'''
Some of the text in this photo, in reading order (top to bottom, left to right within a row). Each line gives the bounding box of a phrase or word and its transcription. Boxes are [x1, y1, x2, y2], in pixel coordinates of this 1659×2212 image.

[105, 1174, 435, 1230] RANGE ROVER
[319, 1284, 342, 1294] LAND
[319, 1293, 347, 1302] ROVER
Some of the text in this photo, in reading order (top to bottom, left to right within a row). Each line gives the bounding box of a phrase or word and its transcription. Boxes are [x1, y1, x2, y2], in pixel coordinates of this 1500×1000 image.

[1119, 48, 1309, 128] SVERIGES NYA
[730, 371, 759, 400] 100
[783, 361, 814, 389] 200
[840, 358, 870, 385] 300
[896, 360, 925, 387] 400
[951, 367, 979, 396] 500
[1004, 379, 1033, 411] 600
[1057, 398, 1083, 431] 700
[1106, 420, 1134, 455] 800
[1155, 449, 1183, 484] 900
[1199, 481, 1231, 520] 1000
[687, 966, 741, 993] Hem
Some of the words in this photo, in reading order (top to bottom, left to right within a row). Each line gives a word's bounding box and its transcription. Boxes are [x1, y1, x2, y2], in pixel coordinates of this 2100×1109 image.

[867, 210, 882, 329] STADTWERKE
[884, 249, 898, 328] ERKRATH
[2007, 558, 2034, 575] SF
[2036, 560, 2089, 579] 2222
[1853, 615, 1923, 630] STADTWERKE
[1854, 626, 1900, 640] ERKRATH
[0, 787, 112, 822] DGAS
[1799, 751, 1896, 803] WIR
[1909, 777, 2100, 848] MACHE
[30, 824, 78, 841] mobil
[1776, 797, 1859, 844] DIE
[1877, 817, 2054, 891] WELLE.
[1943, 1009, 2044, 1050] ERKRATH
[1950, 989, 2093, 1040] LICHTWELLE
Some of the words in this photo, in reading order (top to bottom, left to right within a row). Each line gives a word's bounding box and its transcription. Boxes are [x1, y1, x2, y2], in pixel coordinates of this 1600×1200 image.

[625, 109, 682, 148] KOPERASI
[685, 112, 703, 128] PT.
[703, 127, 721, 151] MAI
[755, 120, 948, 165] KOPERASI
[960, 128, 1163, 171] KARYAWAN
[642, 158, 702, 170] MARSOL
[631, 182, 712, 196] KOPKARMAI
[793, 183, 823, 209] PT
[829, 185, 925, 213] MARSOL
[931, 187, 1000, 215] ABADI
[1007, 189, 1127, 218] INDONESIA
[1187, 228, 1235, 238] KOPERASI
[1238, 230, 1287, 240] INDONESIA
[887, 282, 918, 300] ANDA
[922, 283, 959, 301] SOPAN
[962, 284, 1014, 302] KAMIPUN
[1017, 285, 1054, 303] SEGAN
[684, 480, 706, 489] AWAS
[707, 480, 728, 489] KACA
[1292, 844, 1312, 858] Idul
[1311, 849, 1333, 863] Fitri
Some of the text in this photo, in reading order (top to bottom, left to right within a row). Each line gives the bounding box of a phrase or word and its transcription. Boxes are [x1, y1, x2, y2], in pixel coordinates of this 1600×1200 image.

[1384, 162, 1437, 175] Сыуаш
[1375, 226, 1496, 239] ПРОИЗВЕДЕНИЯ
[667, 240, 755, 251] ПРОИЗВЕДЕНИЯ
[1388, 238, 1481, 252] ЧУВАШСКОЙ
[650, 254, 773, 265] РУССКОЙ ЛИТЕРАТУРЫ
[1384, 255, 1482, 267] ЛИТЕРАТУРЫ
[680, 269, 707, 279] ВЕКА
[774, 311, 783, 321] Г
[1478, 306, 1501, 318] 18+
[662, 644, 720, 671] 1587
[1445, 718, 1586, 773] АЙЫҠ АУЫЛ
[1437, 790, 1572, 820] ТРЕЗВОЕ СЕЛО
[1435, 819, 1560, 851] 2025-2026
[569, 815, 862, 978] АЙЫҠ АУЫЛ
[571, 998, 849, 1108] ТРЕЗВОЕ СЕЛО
'''
» **Exercise directions**: Repeat all the material above, matching every character.

» **Task answer**:
Some of the text in this photo, in reading order (top to bottom, left to right within a row). Each line gives the bounding box of a phrase or word and its transcription. Boxes are [x1, y1, x2, y2], in pixel coordinates of this 1659×2212 image.

[105, 1174, 435, 1230] RANGE ROVER
[319, 1284, 342, 1294] LAND
[319, 1293, 347, 1302] ROVER
Some of the text in this photo, in reading order (top to bottom, left to right within a row). Each line gives the bounding box of a phrase or word and its transcription. Boxes are [x1, y1, x2, y2], in pixel coordinates of this 1500×1000 image.

[1119, 48, 1309, 128] SVERIGES NYA
[730, 371, 759, 400] 100
[783, 361, 814, 389] 200
[840, 358, 870, 385] 300
[896, 360, 925, 387] 400
[951, 367, 979, 396] 500
[1004, 379, 1033, 411] 600
[1057, 398, 1083, 431] 700
[1106, 420, 1134, 455] 800
[1155, 449, 1183, 484] 900
[1199, 481, 1231, 520] 1000
[687, 966, 741, 993] Hem
Some of the words in this photo, in reading order (top to bottom, left to right within a row). Each line gives a word's bounding box and its transcription. Boxes are [x1, y1, x2, y2], in pixel coordinates of this 2100×1109 image.

[867, 210, 882, 329] STADTWERKE
[884, 249, 898, 328] ERKRATH
[2007, 558, 2034, 575] SF
[2036, 560, 2089, 579] 2222
[1853, 615, 1923, 630] STADTWERKE
[1854, 626, 1900, 640] ERKRATH
[0, 787, 112, 822] DGAS
[1799, 751, 1896, 803] WIR
[1909, 777, 2100, 848] MACHE
[30, 824, 78, 841] mobil
[1776, 797, 1859, 844] DIE
[1877, 817, 2054, 891] WELLE.
[1943, 1009, 2044, 1050] ERKRATH
[1950, 989, 2093, 1040] LICHTWELLE
Some of the words in this photo, in reading order (top to bottom, left to right within a row). Each line gives a word's bounding box and its transcription. Boxes are [x1, y1, x2, y2], in pixel coordinates of this 1600×1200 image.

[625, 109, 682, 148] KOPERASI
[685, 112, 703, 128] PT.
[703, 127, 721, 151] MAI
[755, 120, 948, 165] KOPERASI
[960, 128, 1163, 171] KARYAWAN
[642, 158, 702, 170] MARSOL
[631, 182, 712, 196] KOPKARMAI
[793, 183, 823, 209] PT
[829, 185, 925, 213] MARSOL
[931, 187, 1000, 215] ABADI
[1007, 189, 1127, 218] INDONESIA
[1187, 228, 1235, 238] KOPERASI
[1238, 230, 1287, 240] INDONESIA
[887, 282, 918, 300] ANDA
[922, 283, 959, 301] SOPAN
[962, 284, 1014, 302] KAMIPUN
[1017, 285, 1054, 303] SEGAN
[684, 480, 706, 489] AWAS
[707, 480, 728, 489] KACA
[1292, 844, 1312, 858] Idul
[1311, 849, 1333, 863] Fitri
Some of the text in this photo, in reading order (top to bottom, left to right within a row). Each line gives the bounding box of a phrase or word and its transcription. Boxes are [x1, y1, x2, y2], in pixel coordinates of this 1600×1200 image.

[1384, 162, 1437, 175] Сыуаш
[1375, 226, 1496, 239] ПРОИЗВЕДЕНИЯ
[667, 240, 755, 251] ПРОИЗВЕДЕНИЯ
[1388, 238, 1481, 252] ЧУВАШСКОЙ
[650, 254, 773, 265] РУССКОЙ ЛИТЕРАТУРЫ
[1384, 255, 1482, 267] ЛИТЕРАТУРЫ
[680, 269, 707, 279] ВЕКА
[774, 311, 783, 321] Г
[1478, 306, 1501, 318] 18+
[662, 644, 720, 671] 1587
[1445, 718, 1586, 773] АЙЫҠ АУЫЛ
[1437, 790, 1572, 820] ТРЕЗВОЕ СЕЛО
[1435, 819, 1560, 851] 2025-2026
[569, 815, 862, 978] АЙЫҠ АУЫЛ
[571, 998, 849, 1108] ТРЕЗВОЕ СЕЛО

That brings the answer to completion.